The country ranked 120th out of 183 in Transparency International’s latest corruption survey. Almost two thirds of those polled in the Sant Maral survey said government policies “always” fail to solve citizens’ issues.
Public discontent centers around the distribution of wealth from the mineral boom, which boosted the economy 17 percent last year. Mongolia, which supplies almost half China’s coal for steelmaking, doubled state spending in real terms to 6.3 trillion tugriks ($4.7 billion) last year, the International Monetary Fund said in December. The flood caused food prices to jump 31 percent in April from a year earlier.
An April announcement by state-run Aluminum Corp. of China Ltd. that it will take control of SouthGobi Resources Ltd., a Mongolian coal miner, sparked a public outcry. Parliament reacted by passing a law tightening rules on foreign investment in industries including metals, media and communications, Vice Finance Minister Ganhuyag Chuluun Hutagt said in May.

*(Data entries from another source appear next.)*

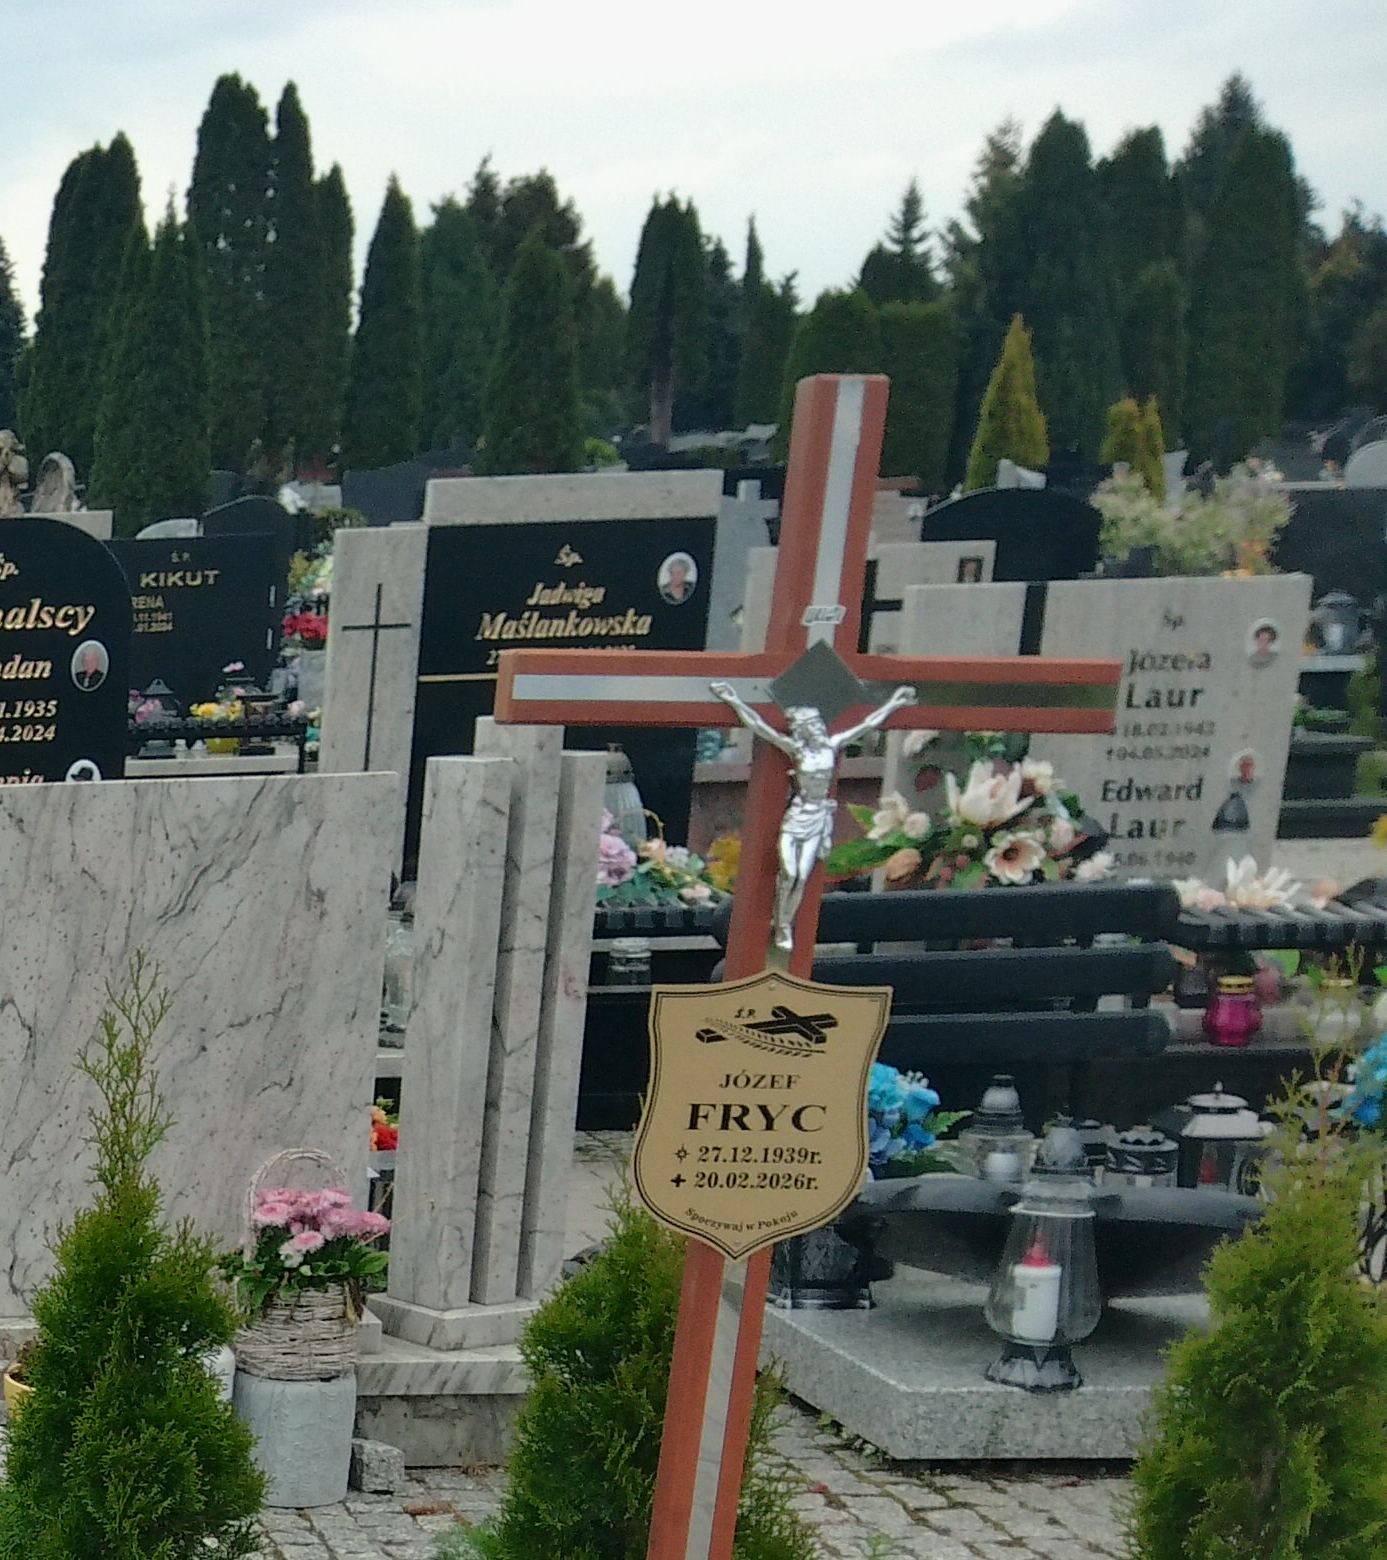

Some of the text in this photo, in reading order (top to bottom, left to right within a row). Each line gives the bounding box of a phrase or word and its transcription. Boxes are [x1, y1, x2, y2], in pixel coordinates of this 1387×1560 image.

[139, 568, 221, 588] KIKUT
[131, 594, 165, 609] RENA
[526, 580, 607, 609] Jadwiga
[474, 607, 653, 641] Maślankowska
[1125, 682, 1205, 709] Laur
[1101, 776, 1204, 802] Edward
[1108, 812, 1187, 840] Laur
[718, 1069, 802, 1090] JÓZEF
[684, 1102, 827, 1133] FRYC
[697, 1145, 823, 1165] 27.12.1939r.
[694, 1171, 820, 1190] 20.02.2026r.
[684, 1206, 745, 1233] Spoczywaj
[757, 1209, 800, 1231] Pokoju

“Resource nationalism is broadly bipartisan and will increase no matter who wins,” Frontier Securities, an Ulan Bator-based broker, said in a report June 24. All parties will push for the development of more processing industries to create jobs around mining, the report said.
Still, with commodities accounting for about 80 percent of all exports, the two main parties, who ruled in coalition after the last election, may have limited scope for maneuver with Rio Tinto and other foreign investors. Mongolia risks economic contraction, which happened in 2008, should commodity prices fall, IMF’s Mongolia chief Steven Barnett said in an interview.

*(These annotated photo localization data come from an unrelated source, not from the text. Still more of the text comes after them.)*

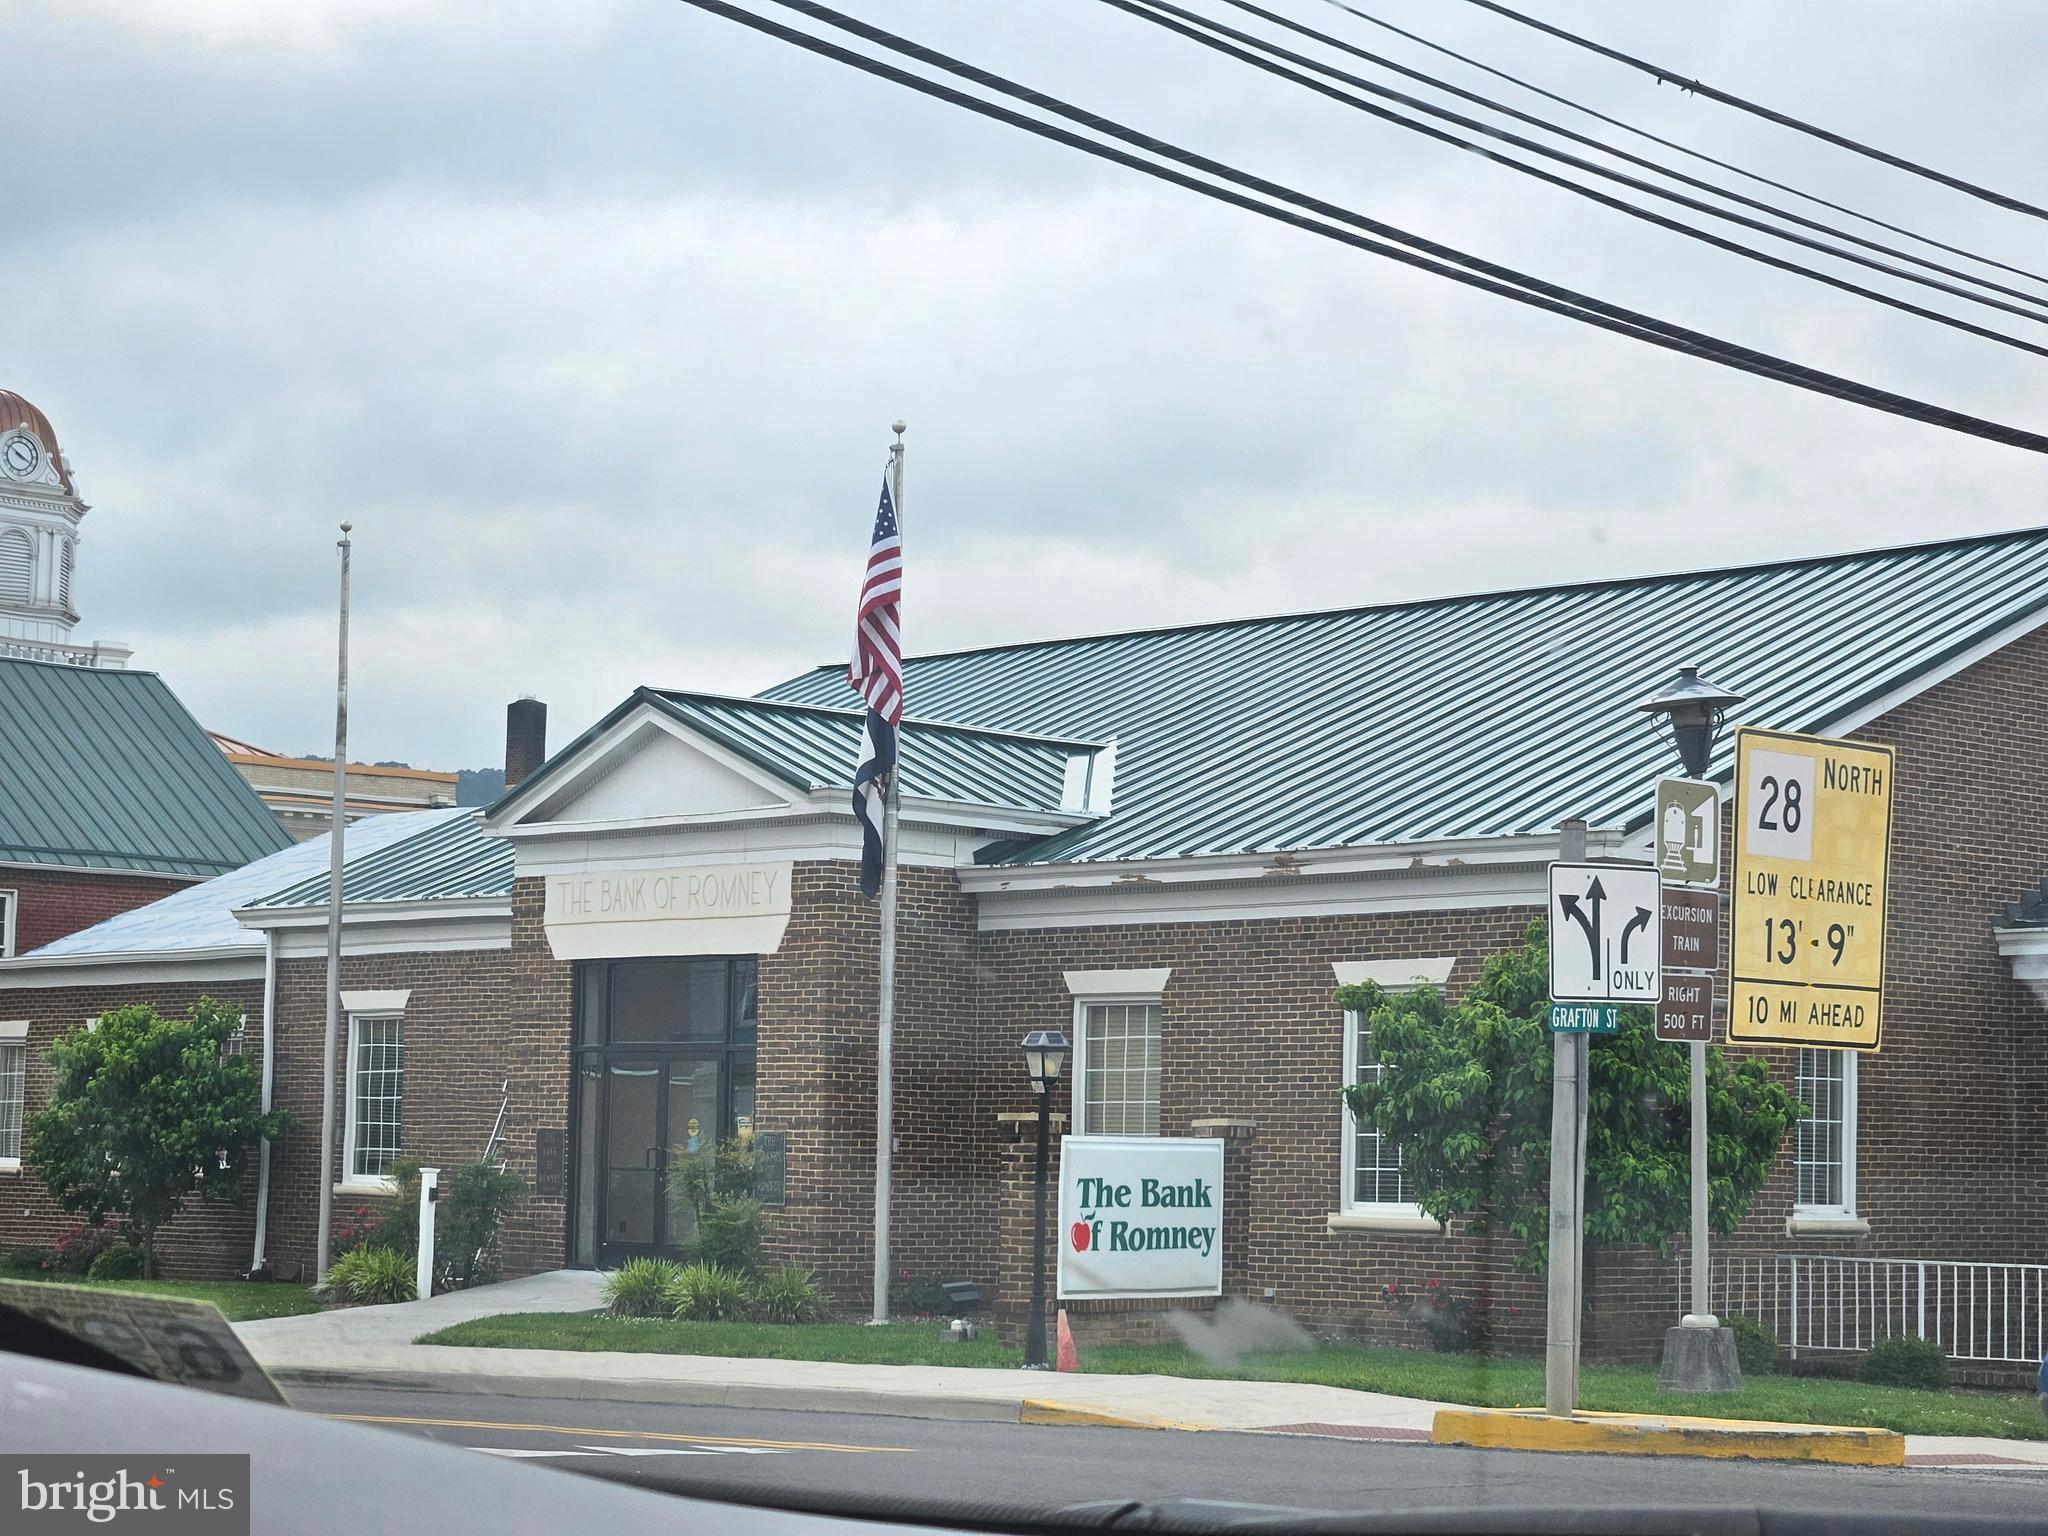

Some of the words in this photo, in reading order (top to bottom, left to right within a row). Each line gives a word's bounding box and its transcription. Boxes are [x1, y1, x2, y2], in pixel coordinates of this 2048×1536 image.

[1823, 757, 1883, 796] NORTH
[1758, 775, 1802, 834] 28
[557, 880, 593, 915] THE
[601, 877, 648, 913] BANK
[653, 874, 679, 911] OF
[688, 869, 779, 910] ROMNEY
[1747, 870, 1778, 897] LOW
[1790, 875, 1873, 907] CLEARANCE
[1661, 904, 1713, 924] EXCURSION
[1672, 935, 1700, 952] TRAIN
[1613, 970, 1655, 991] ONLY
[1668, 986, 1701, 1003] RIGHT
[1552, 1006, 1599, 1028] GRAFTON
[1606, 1008, 1618, 1029] ST
[1663, 1014, 1685, 1030] 500
[1691, 1014, 1705, 1030] FT
[1748, 995, 1769, 1025] 10
[1779, 999, 1797, 1024] MI
[1808, 1002, 1865, 1028] AHEAD
[1076, 1177, 1132, 1209] The
[1140, 1177, 1213, 1209] Bank
[1109, 1220, 1217, 1258] Romney

The Democrats and the MPP, the successor to the Communist Party that ran the nation for more than 60 years, together drafted most of the current legislation for business and infrastructure development. Bruce Tobin, a Melbourne-based spokesman for Rio Tinto Group, declined to comment.
“They are both made up of guys who’ve been in business primarily, some form of mining probably,” said Jim Dwyer, head of the Mongolia Business Council and former global M&A chief at UBS AG. “They basically are for foreign investment and economic growth.”

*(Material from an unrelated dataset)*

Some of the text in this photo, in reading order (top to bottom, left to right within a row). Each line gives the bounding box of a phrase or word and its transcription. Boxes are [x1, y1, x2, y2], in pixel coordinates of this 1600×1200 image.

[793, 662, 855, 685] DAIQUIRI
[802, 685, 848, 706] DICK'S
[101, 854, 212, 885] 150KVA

At the 2008 election, the two biggest parties vowed to hand out at least 1 million tugriks to each citizen as spoils from the mining boom. The government will also distribute preferred shares of Erdenes MGL, the state’s holding company for the country’s biggest mining projects, Ganhuyag said.
Each citizen will get one preferred share of the holding company to make sure that profits from the mining projects are distributed equally to all citizens via Erdenes MGL dividends, he said. Not all are happy about the plan.
“These are pieces of paper that go up and down -- there is no guarantee that they will rise in value,” said Chimeddorj, a 39-year-old businessman who travels to southeast Asia often for work. “They should be spending on real things, like transport, education and health.”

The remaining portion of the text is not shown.